Chapter 8 Tanner

Tanner

He stepped outside to take Arlo’s call.

“I’ve tried you twice already this evening.” There was an irritable edge to his friend’s words that wasn’t uncommon when Arlo had to wait for something.

“It’s the weekend,” Tanner answered simply. “And you know I’m at Savannah’s pre-wedding thing.”

“I don’t understand why you couldn’t all just go out and get wasted. None of this dragging it out for a whole weekend shit.”

Tanner stifled a snort. “Yeah, cos you’re famously one to cut a party short. Did you want me for something?”

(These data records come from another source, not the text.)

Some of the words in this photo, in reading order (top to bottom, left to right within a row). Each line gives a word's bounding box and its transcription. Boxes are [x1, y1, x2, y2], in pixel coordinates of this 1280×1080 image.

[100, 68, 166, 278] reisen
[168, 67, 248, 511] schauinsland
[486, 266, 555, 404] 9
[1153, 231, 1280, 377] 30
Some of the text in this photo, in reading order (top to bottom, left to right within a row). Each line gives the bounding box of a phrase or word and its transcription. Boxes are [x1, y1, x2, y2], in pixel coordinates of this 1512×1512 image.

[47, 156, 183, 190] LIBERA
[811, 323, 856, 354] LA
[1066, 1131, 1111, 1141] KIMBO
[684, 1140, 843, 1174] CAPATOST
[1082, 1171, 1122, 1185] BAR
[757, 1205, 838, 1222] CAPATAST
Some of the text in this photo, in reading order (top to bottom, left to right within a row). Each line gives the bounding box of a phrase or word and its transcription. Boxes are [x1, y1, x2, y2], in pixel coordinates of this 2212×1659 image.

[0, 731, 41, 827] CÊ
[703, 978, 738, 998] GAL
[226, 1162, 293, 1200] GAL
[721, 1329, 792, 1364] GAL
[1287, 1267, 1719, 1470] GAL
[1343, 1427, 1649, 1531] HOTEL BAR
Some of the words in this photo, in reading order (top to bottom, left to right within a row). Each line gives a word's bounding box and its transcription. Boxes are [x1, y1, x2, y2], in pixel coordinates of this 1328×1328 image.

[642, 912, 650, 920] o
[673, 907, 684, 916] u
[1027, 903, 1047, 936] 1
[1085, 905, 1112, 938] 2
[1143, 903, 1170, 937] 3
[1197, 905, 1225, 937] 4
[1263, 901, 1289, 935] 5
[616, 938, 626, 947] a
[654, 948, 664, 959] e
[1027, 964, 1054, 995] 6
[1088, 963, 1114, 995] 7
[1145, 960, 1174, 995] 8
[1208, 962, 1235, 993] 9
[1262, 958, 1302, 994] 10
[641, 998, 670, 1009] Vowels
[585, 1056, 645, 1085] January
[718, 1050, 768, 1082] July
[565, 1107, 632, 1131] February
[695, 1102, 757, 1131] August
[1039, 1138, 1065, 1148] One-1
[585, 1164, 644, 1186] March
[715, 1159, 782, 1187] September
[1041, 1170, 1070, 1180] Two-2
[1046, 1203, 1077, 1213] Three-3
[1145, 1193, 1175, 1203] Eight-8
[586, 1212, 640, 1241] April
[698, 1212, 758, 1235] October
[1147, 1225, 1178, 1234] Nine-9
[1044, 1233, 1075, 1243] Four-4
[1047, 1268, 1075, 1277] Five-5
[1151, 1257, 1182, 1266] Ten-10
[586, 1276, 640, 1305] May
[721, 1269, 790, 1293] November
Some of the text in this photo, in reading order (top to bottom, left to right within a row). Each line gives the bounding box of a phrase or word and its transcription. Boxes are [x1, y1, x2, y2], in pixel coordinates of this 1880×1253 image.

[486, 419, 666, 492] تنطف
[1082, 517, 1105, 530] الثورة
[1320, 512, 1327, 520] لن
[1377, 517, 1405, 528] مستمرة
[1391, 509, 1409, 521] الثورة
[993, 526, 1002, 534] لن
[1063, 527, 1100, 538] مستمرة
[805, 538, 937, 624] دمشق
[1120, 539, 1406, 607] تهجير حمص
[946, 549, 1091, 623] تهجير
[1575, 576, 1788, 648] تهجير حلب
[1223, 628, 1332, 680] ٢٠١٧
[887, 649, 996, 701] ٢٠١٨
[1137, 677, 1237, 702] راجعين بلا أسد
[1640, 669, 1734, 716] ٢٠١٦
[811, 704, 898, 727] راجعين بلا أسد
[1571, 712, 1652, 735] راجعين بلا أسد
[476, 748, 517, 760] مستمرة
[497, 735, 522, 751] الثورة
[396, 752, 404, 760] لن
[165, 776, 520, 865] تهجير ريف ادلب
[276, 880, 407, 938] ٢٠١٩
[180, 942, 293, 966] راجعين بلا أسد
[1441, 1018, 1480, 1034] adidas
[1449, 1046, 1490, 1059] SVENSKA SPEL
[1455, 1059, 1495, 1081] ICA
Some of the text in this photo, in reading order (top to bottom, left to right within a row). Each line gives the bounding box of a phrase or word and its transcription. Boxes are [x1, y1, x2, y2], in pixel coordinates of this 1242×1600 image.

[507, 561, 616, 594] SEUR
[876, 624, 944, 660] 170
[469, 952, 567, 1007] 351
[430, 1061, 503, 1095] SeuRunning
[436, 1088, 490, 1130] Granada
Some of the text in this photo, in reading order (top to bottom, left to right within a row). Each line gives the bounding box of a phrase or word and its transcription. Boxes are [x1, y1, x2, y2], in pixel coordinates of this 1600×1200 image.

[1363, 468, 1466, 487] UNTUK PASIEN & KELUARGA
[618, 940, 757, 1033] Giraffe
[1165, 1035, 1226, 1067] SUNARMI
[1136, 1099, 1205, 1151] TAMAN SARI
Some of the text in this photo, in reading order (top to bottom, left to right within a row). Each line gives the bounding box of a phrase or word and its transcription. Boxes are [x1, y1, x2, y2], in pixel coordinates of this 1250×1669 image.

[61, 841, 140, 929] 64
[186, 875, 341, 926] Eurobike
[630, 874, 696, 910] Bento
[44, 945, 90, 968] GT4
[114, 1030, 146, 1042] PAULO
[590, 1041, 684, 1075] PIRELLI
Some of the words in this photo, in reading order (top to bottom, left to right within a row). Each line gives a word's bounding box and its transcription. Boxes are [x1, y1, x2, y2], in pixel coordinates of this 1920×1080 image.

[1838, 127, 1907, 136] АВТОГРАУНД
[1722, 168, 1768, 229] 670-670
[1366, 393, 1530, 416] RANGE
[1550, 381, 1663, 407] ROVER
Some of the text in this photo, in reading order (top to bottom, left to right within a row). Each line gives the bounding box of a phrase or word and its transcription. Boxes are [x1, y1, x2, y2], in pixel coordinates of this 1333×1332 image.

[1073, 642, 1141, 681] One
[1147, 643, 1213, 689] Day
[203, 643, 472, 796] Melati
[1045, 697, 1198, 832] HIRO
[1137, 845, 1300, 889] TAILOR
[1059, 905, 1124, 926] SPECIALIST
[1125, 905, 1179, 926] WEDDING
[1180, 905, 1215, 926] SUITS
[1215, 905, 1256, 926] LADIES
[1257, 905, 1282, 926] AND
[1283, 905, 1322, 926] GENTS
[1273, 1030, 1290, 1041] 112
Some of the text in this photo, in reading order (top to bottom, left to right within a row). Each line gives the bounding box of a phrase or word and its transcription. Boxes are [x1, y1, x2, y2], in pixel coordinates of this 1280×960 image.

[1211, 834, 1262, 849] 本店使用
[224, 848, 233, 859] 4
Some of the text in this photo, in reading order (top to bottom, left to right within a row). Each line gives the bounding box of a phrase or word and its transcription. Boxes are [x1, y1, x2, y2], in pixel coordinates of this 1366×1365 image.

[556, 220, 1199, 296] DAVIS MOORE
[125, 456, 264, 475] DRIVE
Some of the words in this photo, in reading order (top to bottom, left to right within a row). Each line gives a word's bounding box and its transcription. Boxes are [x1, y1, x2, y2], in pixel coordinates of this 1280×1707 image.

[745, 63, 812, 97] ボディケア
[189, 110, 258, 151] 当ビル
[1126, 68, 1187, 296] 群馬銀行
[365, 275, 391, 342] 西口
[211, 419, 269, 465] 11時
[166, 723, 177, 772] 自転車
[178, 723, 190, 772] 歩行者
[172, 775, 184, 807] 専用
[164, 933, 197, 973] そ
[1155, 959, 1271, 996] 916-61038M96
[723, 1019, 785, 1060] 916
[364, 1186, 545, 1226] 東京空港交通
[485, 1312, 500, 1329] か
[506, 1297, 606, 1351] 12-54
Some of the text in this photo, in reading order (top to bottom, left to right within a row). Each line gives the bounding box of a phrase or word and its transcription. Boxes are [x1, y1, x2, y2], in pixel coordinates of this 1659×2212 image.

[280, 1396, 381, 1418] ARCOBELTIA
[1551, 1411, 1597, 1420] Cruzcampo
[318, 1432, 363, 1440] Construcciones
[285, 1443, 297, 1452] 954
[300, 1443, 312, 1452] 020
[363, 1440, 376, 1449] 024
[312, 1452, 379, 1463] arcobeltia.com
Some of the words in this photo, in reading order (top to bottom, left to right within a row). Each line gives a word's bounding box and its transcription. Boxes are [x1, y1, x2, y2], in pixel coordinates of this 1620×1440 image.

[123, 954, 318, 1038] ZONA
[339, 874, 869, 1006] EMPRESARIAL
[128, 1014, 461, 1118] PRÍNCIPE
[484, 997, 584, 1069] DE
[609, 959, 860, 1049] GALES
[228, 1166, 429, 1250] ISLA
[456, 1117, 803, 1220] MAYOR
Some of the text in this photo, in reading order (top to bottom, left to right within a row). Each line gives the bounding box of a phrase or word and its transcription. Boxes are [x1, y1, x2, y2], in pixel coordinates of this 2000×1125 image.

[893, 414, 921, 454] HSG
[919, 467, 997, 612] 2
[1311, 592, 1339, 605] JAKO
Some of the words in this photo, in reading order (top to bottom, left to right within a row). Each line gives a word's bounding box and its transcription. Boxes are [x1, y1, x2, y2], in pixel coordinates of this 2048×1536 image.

“I’ve got the paperwork through from Rapids management.” On the other end of the line, Tanner heard the rattle as Arlo popped the lid on a plastic pot of gum. “Still not sure about this move, dude. You had better offers and Boston wanted to keep you.”

Tanner rubbed at the uncomfortable hitch in his chest as his feet led him down toward the lake.

“We’ve been over this, I’ve considered all the pros and cons.

Last season was brutal, with Mats’s accident and my shoulder causing me trouble.

There was . . . that other stuff, too.” Things he was mortified to think about.

Arlo scoffed. “Must suck to be you with women just throwing themselves—”

Cutting across him, Tanner said, “Staying in Boston is out. I want to see how it feels to be nearer home again while I give it another season to see if I’m gonna need surgery.”

The words stuck in his throat. Trying to outrun the toll that hockey was taking on his body gave him more nightmares than he was ready to admit.

“I’ll tell you how it’ll feel. Quiet. There’s fuck all going on in Pine Springs. Unless you want to spend your days talking about potholes and the weather.” Arlo chewed as he grumbled.

“You’ve never been here.” Just steps away from the toes of Tanner’s sneakers, the water rippled seamlessly in a coral-tinted glow as the sun dipped below the trees. “Come visit and you might not be so keen to rush back to your traffic pollution and high-rises.”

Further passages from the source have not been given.